Completer, una reina olvidada

Por Paz Levinson 

Completer es una rara cepa de Suiza cuyos sinónimos pueden ser Lafnaetscha, Lafnetsela, Lindauer, Malans y Malanstraube. La primera vez que escuché hablar de esta cepa fue en el 2014. Estaba trabajando con Marco Pelletier en el Hotel Bristol y él estaba fascinado con esta rara cepa Suiza. Luego tuve oportunidad de probarla en diferentes ocasiones y la mejor experiencia fue cuando organizamos una cena a cuatro manos entre Anne-Sophie Pic y Andreas Caminada en el restaurant de Lausanne dos estrellas Michelin. Para esta cena decidimos servir vinos principalmente de Francia y Suiza.  En la diversidad de vinos no podía faltar esta cepa irremplazable.

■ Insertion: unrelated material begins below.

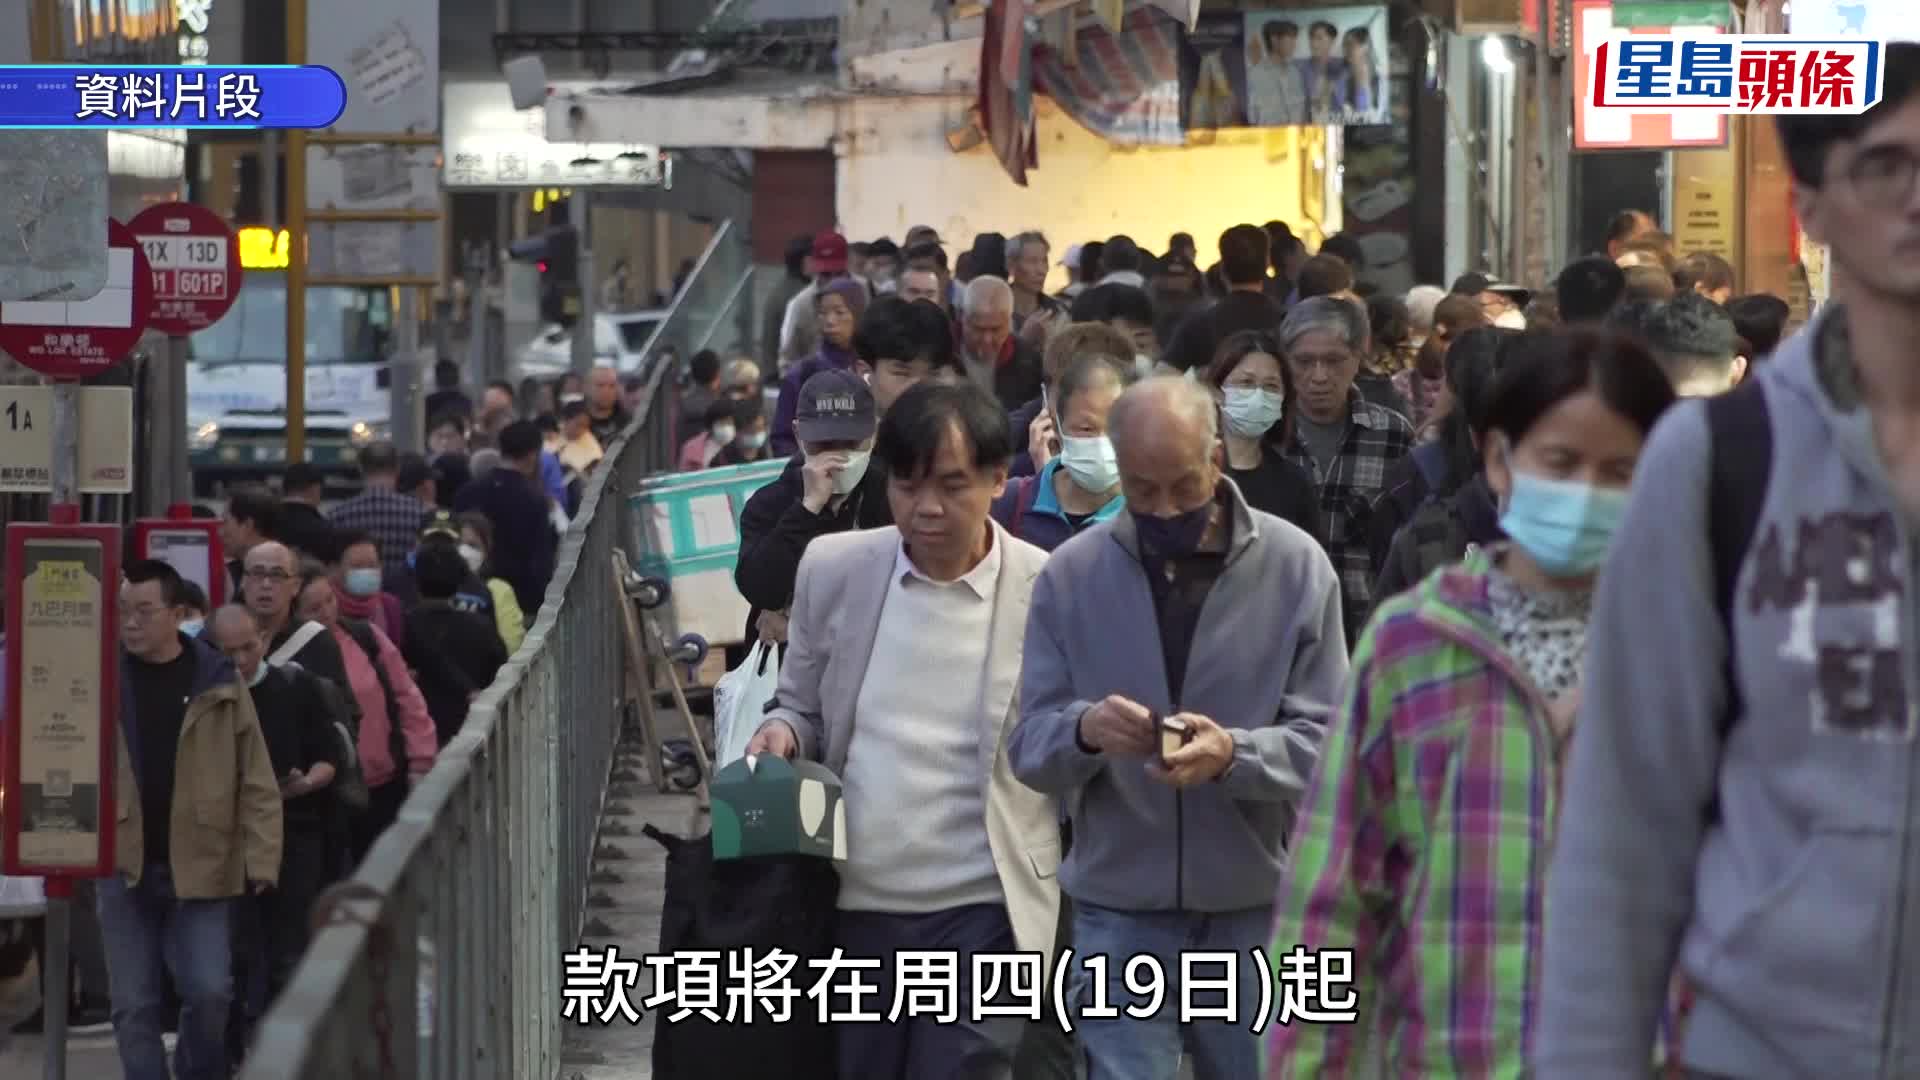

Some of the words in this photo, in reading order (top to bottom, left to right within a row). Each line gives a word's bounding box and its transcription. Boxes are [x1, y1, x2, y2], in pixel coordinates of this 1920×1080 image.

[142, 240, 168, 262] 1X
[186, 241, 218, 262] 13D
[181, 272, 223, 294] 601P
[6, 400, 33, 431] 1A

La Completer es una cepa antigua y rara, de la cual solo hay  4,5 ha plantadas y es principalmente de la región de Graubünden. Hay registros de esta cepa del siglo XIV en Malans (Grisons), región donde hoy se sigue plantando. Completer es muy ácida, poco productiva y tiene una madurez tardía. Tal vez es por ello que casi desapareció en la década de 1980 reemplazada por variedades internacionales más fáciles de cultivar.

Gian-Battista von Tscharner de la Bodega Tscharner siempre creyó en ella: "La replanté en 1982, convencido de su inmenso potencial". Completer produce vinos con mucho cuerpo e intensos, y esa acidez natural combinada con el peso en la boca es lo que le da un gran potencial de guarda.

Para la cena la familia Donatsch nos liberó unas magnums de 2004 de su etiqueta “Completer Selvenen”. El vino estaba increíble, el color dorado, los aromas a flores amarillas y blancas con notas cítricas como el pomelo confitado y manzanas amarillas asadas. El vino tenía notas especiadas de pimienta blanca y carvi. En la boca desarrollaba un aroma terciario de trufa blanca y miel guardando tensión y un gran peso en boca. Estimamos que el vino tendría unos gramitos de azúcar residual que le iban muy bien. "Completer es un vino que inspira fuertes sentimientos, es una uva para los verdaderos amantes del vino". Dice Martin Donatsch. En 1947 su abuelo arrancó las últimas cepas de esta antigua variedad que después estuvo casi extinta. En 1993, su padre Thomas volvió a plantar Completer, "y así, con nuestra media hectárea, somos el mayor productor de Completer del mundo", bromea Martin. "Hemos redescubierto esta antigua uva y hemos encontrado nuevas formas de trabajar con ella".

La uva se vendimia tarde, en noviembre, y luego se envejece en barrica. "La pequeña cantidad de azúcar residual equilibra muy bien el nivel bastante alto de acidez que permanece incluso cuando las uvas están maduras", comenta Martin. El resultado es un vino polifacético con mineralidad, salinidad y potencia, una frescura elegante.

En esa cena, el vino lo maridamos con un plato del chef Andreas que consistía en unas mollejas glaseadas con perejil y pickles de vegetales. El acuerdo era increíble, la textura de las mollejas combinaba muy bien con el vino untuoso, pero al mismo tiempo la acidez del vino equilibraba ese lado graso para dar lugar a la acidez de los pickles y aportar un contraste ácido – dulce con el vino. "Con un Completer, siempre puedes impresionar a un amante del vino" decía Martin Donatsch.